Given the findings, why is the belief that cannabis makes you more creative so enduring and widespread? The researchers point to the mood-enhancing effects of cannabis use as the likely culprit, which may cause people to perceive virtually everything is better, including their creativity.
Of course, that’s not to say that there aren’t very creative people who regularly use cannabis. Famous artists and businessmen from Jimi Hendrix to Ted Turner have credited their imaginative success (or at least some of it) to cannabis. Steve Jobs once said that cannabis and hashish made him feel “relaxed and creative” when he used them in the ’70s, a period he would later reference as contributing to his massive success later in life. George Carlin deemed weed a “value-changing” drug that could open up “doors of perception,”

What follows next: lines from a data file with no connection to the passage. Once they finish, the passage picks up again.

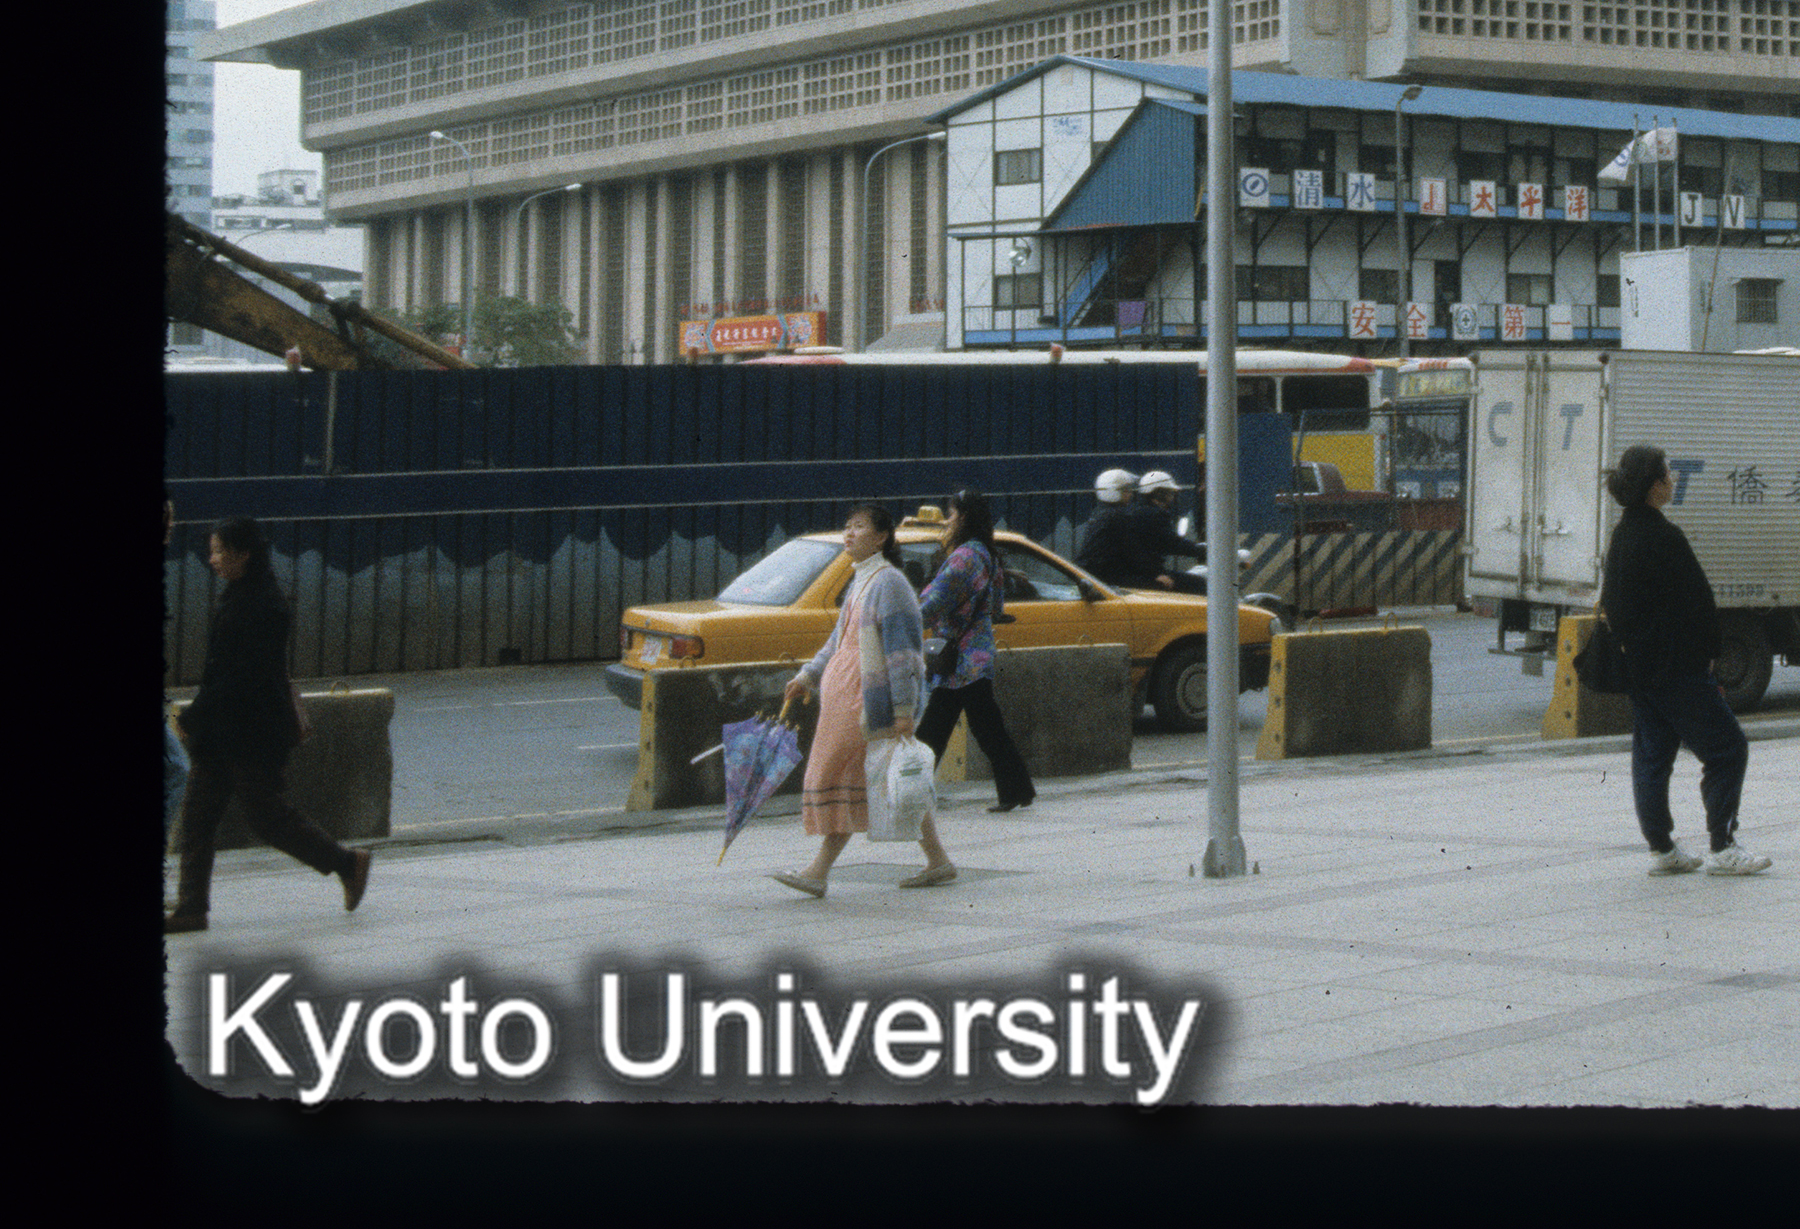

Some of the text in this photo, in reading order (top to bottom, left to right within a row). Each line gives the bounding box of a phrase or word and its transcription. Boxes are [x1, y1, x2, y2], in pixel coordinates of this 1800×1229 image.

[1297, 171, 1375, 209] 清水
[1470, 184, 1588, 220] 太平洋
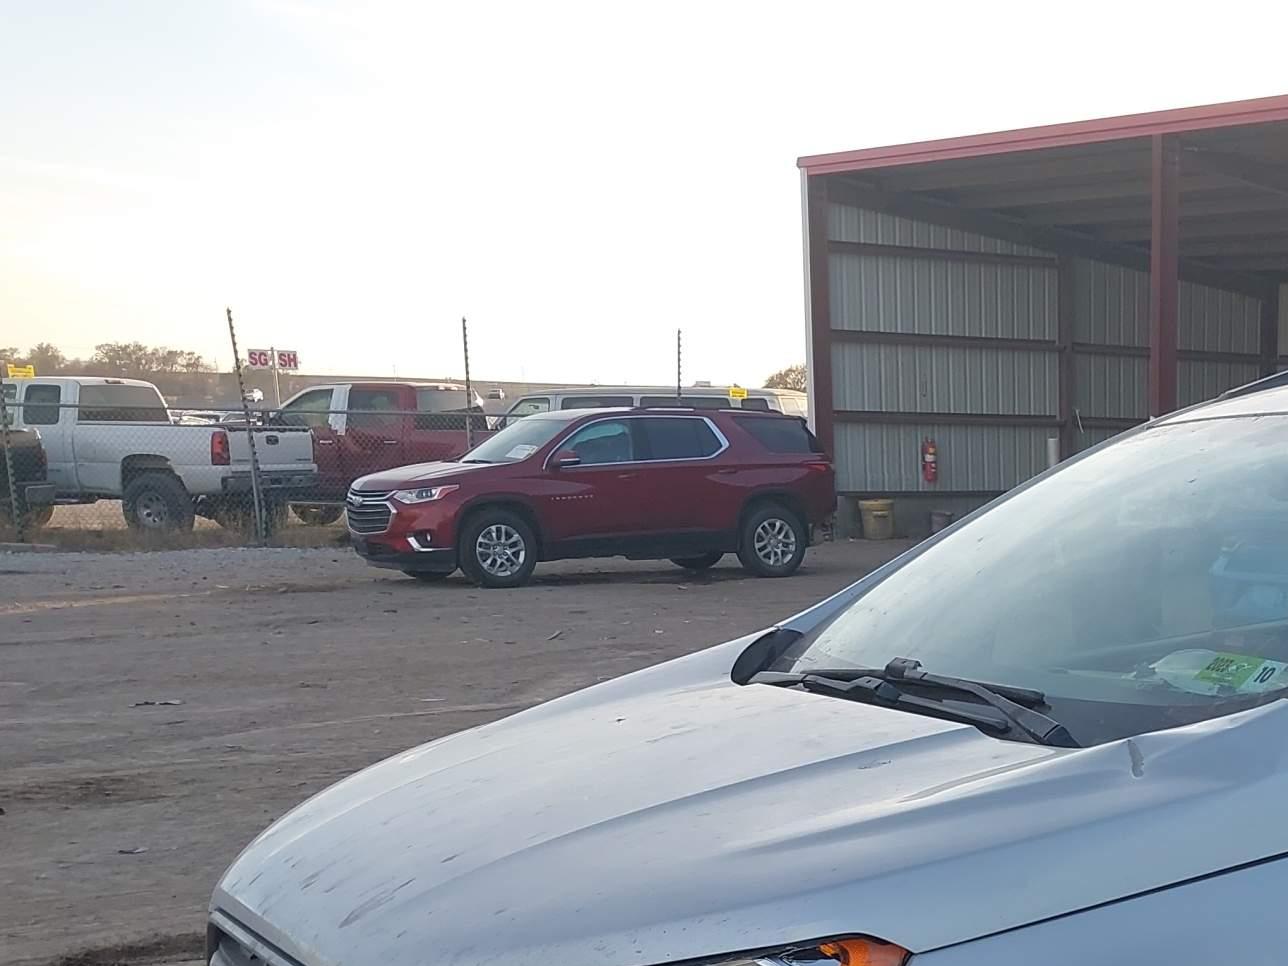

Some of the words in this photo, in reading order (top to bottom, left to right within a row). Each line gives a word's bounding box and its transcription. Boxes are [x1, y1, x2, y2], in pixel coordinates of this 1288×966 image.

[249, 351, 269, 366] SG
[278, 353, 298, 368] SH
[1253, 666, 1276, 684] 10

However, it may be the case that people who possess above-average creativity in the first place are drawn to cannabis. A previous study from 2017 found that people who use cannabis are more extroverted and open to new experiences. They also scored higher on tasks that demanded convergent thinking involving answering multiple-choice tests or solving a problem where you know there are no other possible solutions. Any perceived boost to creativity associated with cannabis may be actually owed to personality traits rather than a drug-induced enhancing effect.
That’s not to say that there are no limitations to any of these studies. For many artists, smoking cannabis is an intimate experience and their best creative ideas come when they are alone and have all the time in the world to express themselves. Sometimes, the idea for a new hit song might come right as they’re about to fall asleep in their beds, right next to a smokey ashtray. You can’t really measure any of that in a lab.
Let’s just say that answering whether or not cannabis makes you more creative can get rather complicated. Now, let me see what I can do with this old brick lying around my apartment.
The findings appeared in the Journal of Applied Psychology.